Unter "Blast From The Past" erscheinen jeden Mittwoch Reviews zu Alben, die wir bislang nicht ausreichend gewürdigt haben. Hier gibt es alle bisher erschienenen Blast-From-The-Past-Reviews.
Es gab mal eine Zeit, da bedeutete Metal aus Finnland nicht automatisch die Frage, ob es sich bei dem entsprechenden Release um entweder bösartigstes Satansgeballer mit regelmäßigen Abstechern in faschistoide Fantasien oder aber um schmierigsten Keyboardkleister aus dem Elfenland von nebenan handelt. Besser noch: irgendwann einmal bedeutete die Verbindung von Metal und Folklore nicht zwangsläufig unterbelichtete Sauflieder auf Oktoberfestniveau, sondern die Auseinandersetzung mit einem faszinierend mystischen kulturellen Erbe. Gerade den Landsleuten AMORPHIS, die auf fast all ihren Alben das finnische Nationalepos “Kalevala” besangen, ist es zu verdanken, dass finnische Folklore nicht nur weltbekannt wurde, sondern auch der ewigen Verwechslung mit den Geschichten der Wikinger entging.

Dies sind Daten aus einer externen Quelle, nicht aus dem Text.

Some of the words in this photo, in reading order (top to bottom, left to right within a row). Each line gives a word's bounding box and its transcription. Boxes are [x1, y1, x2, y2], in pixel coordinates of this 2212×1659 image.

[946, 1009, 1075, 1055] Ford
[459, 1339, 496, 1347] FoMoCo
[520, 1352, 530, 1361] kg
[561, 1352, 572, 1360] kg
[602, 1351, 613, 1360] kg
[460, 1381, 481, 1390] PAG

ENSIFERUM sind 23 Jahre nach ihrem Debüt längst ein internationaler Mega-Seller und eine der erfolgreichsten Bands aus dem Land der tausend Seen überhaupt und haben sich infolgedessen und mehrerer Line-up-Wechsel hörbar von ihren Wurzeln entfernt. Das darf man selbstverständlich immer noch mögen, doch wollen wir diesen Blast From The Past nutzen, um daran zu erinnern, was leider häufig in Vergessenheit gerät: Bevor die ‘Schwertträger’ auf Bombast, Effekthascherei und im schlimmsten Fall sogar Jodel-Einlagen setzten, war das – damalige – Quartett eine kernige Metal-Band, die kaum Gimmicks benötigte. Dafür hatten sie starke Riffs und große Songs am Start!

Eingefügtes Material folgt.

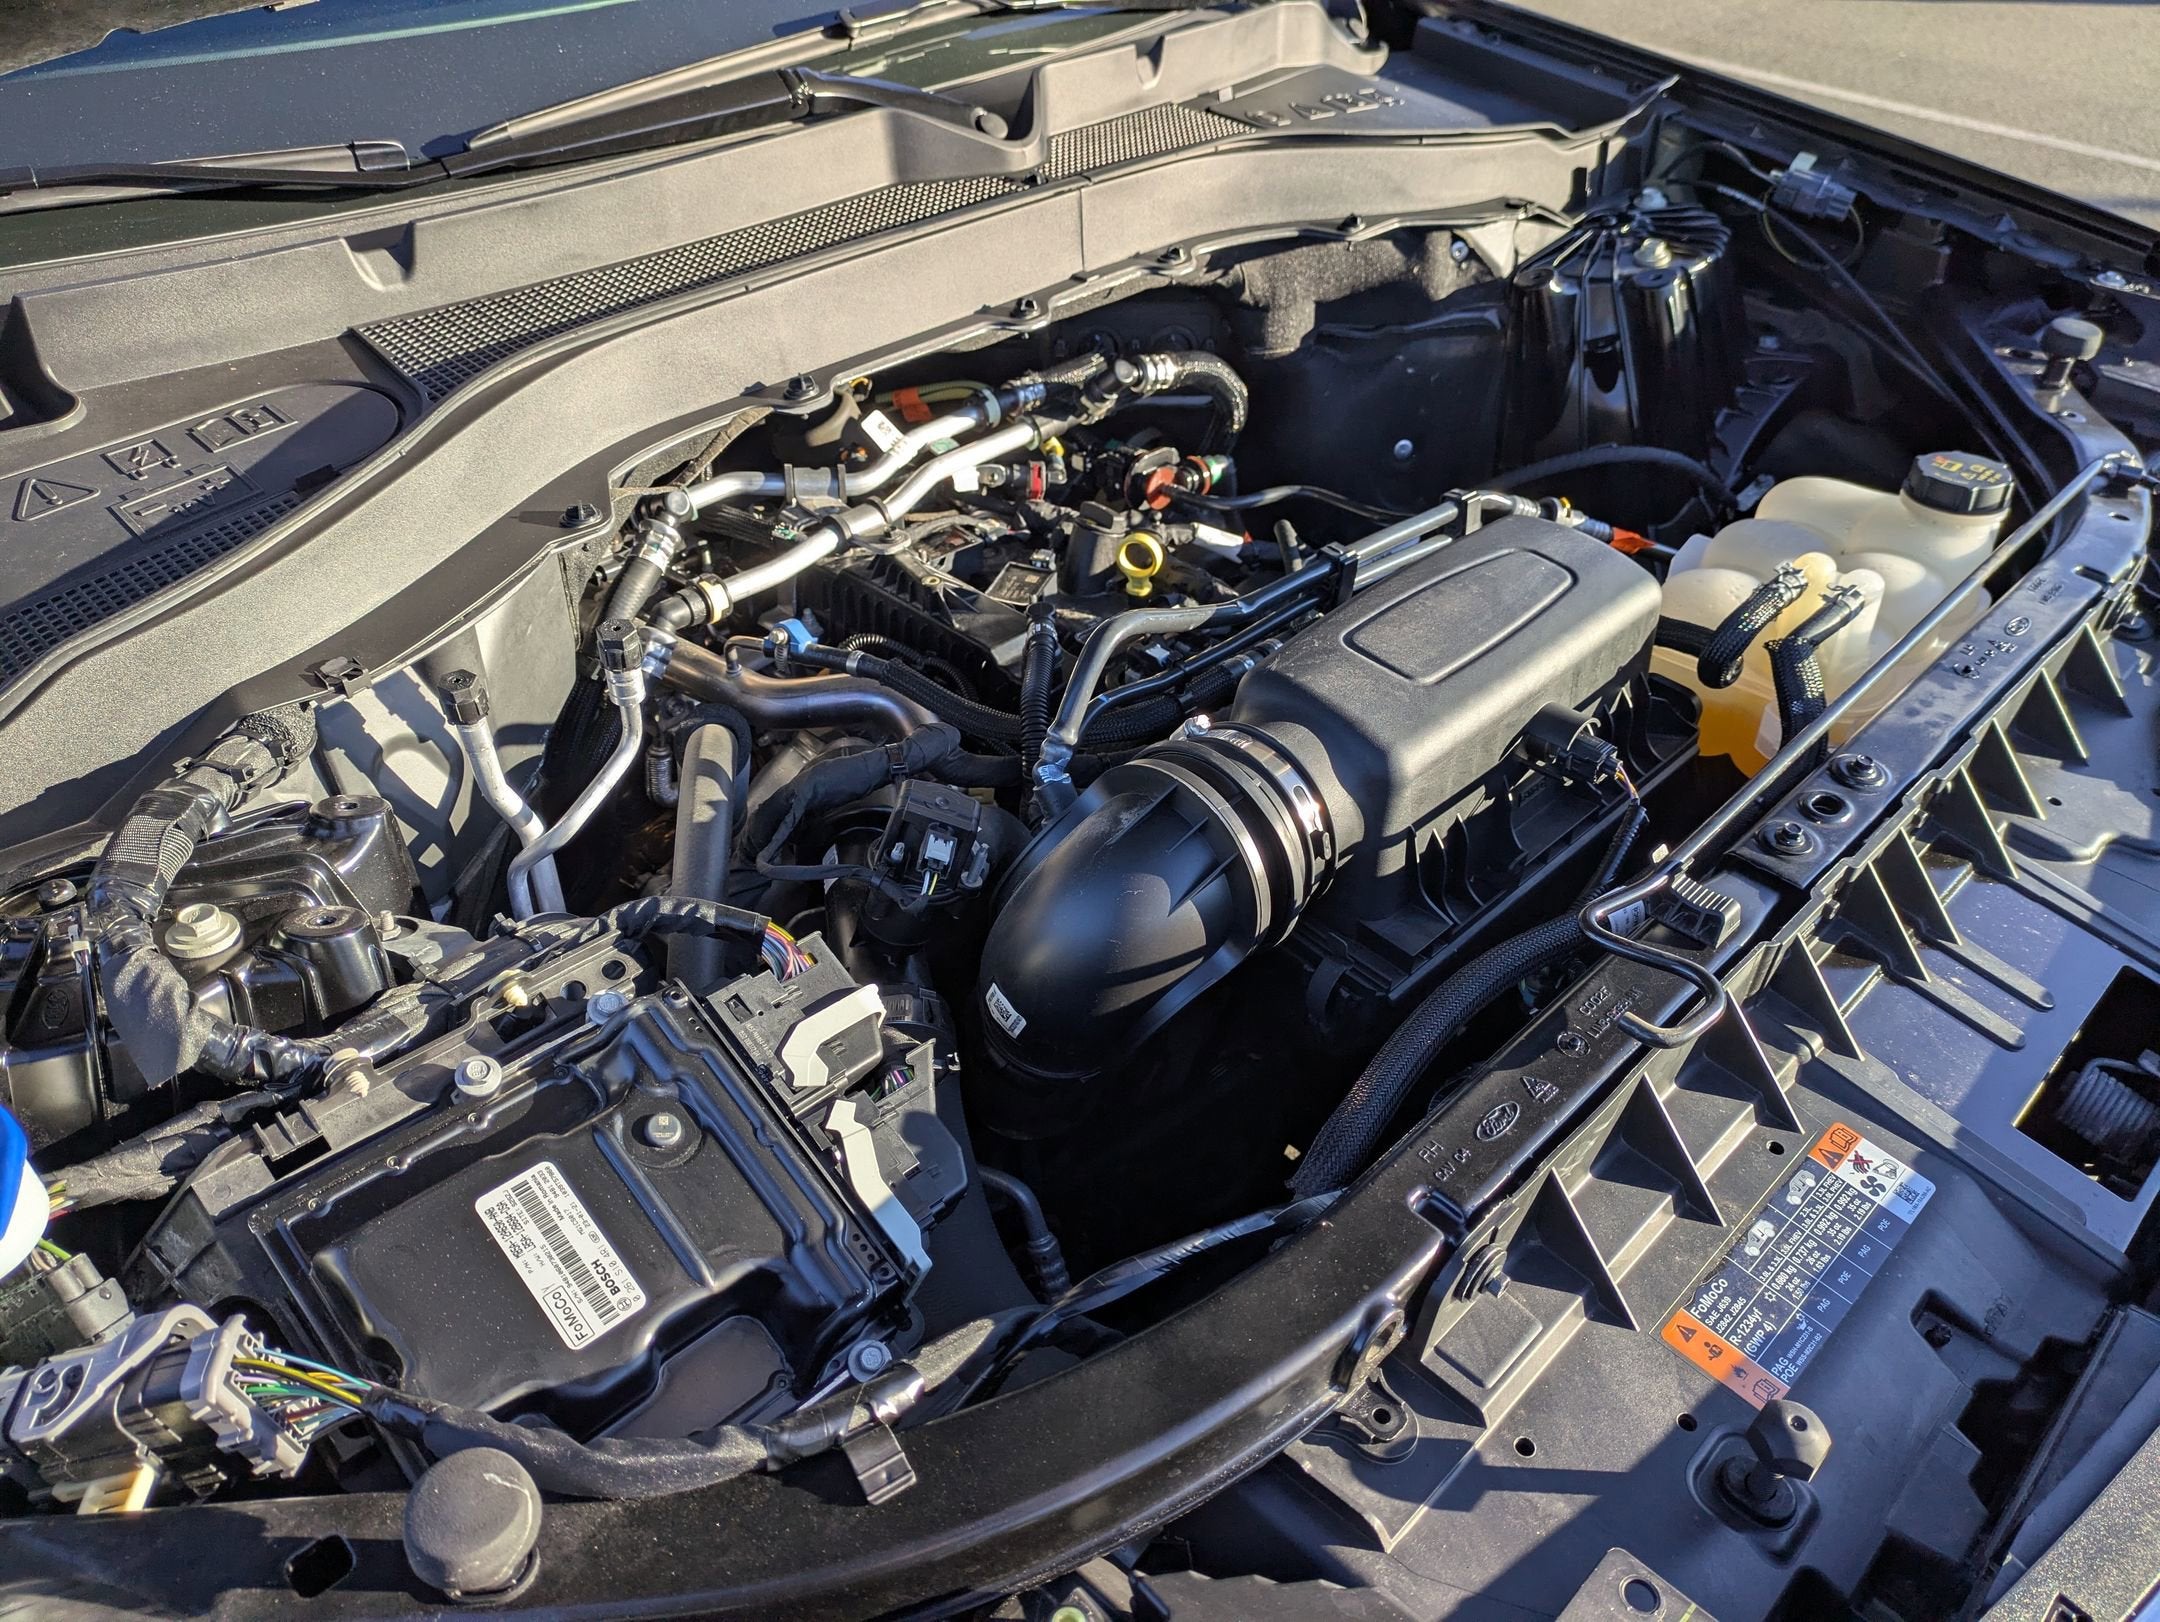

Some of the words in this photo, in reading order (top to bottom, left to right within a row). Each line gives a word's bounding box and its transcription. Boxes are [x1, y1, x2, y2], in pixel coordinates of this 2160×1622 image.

[1479, 1102, 1517, 1139] Ford
[1417, 1137, 1444, 1164] RH
[529, 1173, 549, 1198] Romania
[1833, 1193, 1851, 1211] 0.992
[1844, 1186, 1858, 1198] kg
[1847, 1203, 1856, 1211] 35
[1852, 1198, 1861, 1206] oz
[550, 1203, 565, 1221] Made
[1812, 1217, 1831, 1236] 0.992
[1825, 1210, 1838, 1222] kg
[1826, 1227, 1837, 1237] 35
[1833, 1222, 1841, 1230] oz
[1877, 1218, 1890, 1231] POE
[1791, 1244, 1810, 1264] 0.737
[1803, 1237, 1817, 1250] kg
[1805, 1255, 1816, 1265] 26
[1811, 1250, 1820, 1258] oz
[1857, 1244, 1871, 1258] PAG
[590, 1258, 620, 1296] BOSCH
[1783, 1263, 1797, 1276] kg
[1837, 1270, 1851, 1284] POE
[620, 1277, 635, 1293] 261
[1784, 1281, 1795, 1291] 24
[1791, 1276, 1800, 1285] oz
[1689, 1275, 1729, 1319] FoMoCo
[1816, 1297, 1831, 1313] PAG
[548, 1290, 588, 1341] FoMoCo
[1704, 1309, 1720, 1326] SAE
[1715, 1295, 1732, 1312] J639
[1714, 1313, 1733, 1334] J2842
[1728, 1296, 1747, 1316] J2845
[1728, 1306, 1765, 1347] R-1234yf
[1743, 1328, 1770, 1357] (GWP
[1760, 1319, 1777, 1334] 4)
[1770, 1356, 1789, 1376] PAG
[1780, 1362, 1798, 1383] POE

ENSIFERUM – Wegweisendes Debüt
Man kann ENSIFERUM zu Gute halten, dass sie ein Händchen für Timing besaßen: Ihnen ist maßgeblich zuzuschreiben, den kurz darauf beginnenden Folk/Pagan-Metal-Boom zu Beginn der Nuller-Jahre mit ausgelöst zu haben – egal, was man von dem halten mag, was sich letztlich daraus entwickeln sollte. Auf ihrem selbstbetitelten Debüt beherrschte die Band diese Stilmischung meisterlich, weil die Folk-Parts hörbar, aber punktuell eingesetzt wurden und zudem immer noch von einer gewissen Melancholie gezeichnet waren. Das bereicherte Songs wie den Ohrwurm “Eternal Wait” oder das zweiteilige “Väinemöinen”-Epos, bestehend aus “Old Man” und “Little Dreamer”.
Mit mehr als einem Bein standen ENSIFERUM jedoch auch im frühen Melodic Death Metal. Die bereits erwähnten AMORPHIS sind hier zu nennen, in der Gitarrenarbeit und dem Gesang von Jari Mäenpää (heutzutage WINTERSUN) sind zudem deutliche Einflüsse alter DARK TRANQUILLITY zu vernehmen. Auffällig ist die hohe Hitdichte des Erstlings. “Hero In A Dream”, “Token Of Time” oder das überlebensgroße Epos “Treacherous Gods” mit seinem unwiderstehlichen 5/4-Riff sind neben den bereits genannten Stücken ewige Highlights. Mit “Battle Song” nahmen ENSIFERUM sowohl ihre eigene Entwicklung als auch die von Bands wie etwa TURISAS bereits vorweg.
Trendsetter & Visionäre
Ikonisches Artwork, Hitdichte von 100%, entfesselte Performance, weitreichender Einfluss – hier kann man getrost von einem moderneren Klassiker sprechen, der allerdings inzwischen ebenfalls über 20 Jahre alt ist. Darüber hinaus ist die Platte eines der stärksten Debüt-Alben aller Zeiten und hat auch im Jahre 2024 nichts von ihrer Stärke verloren. Ohne Einschränkung eine Sammlungsbereicherung!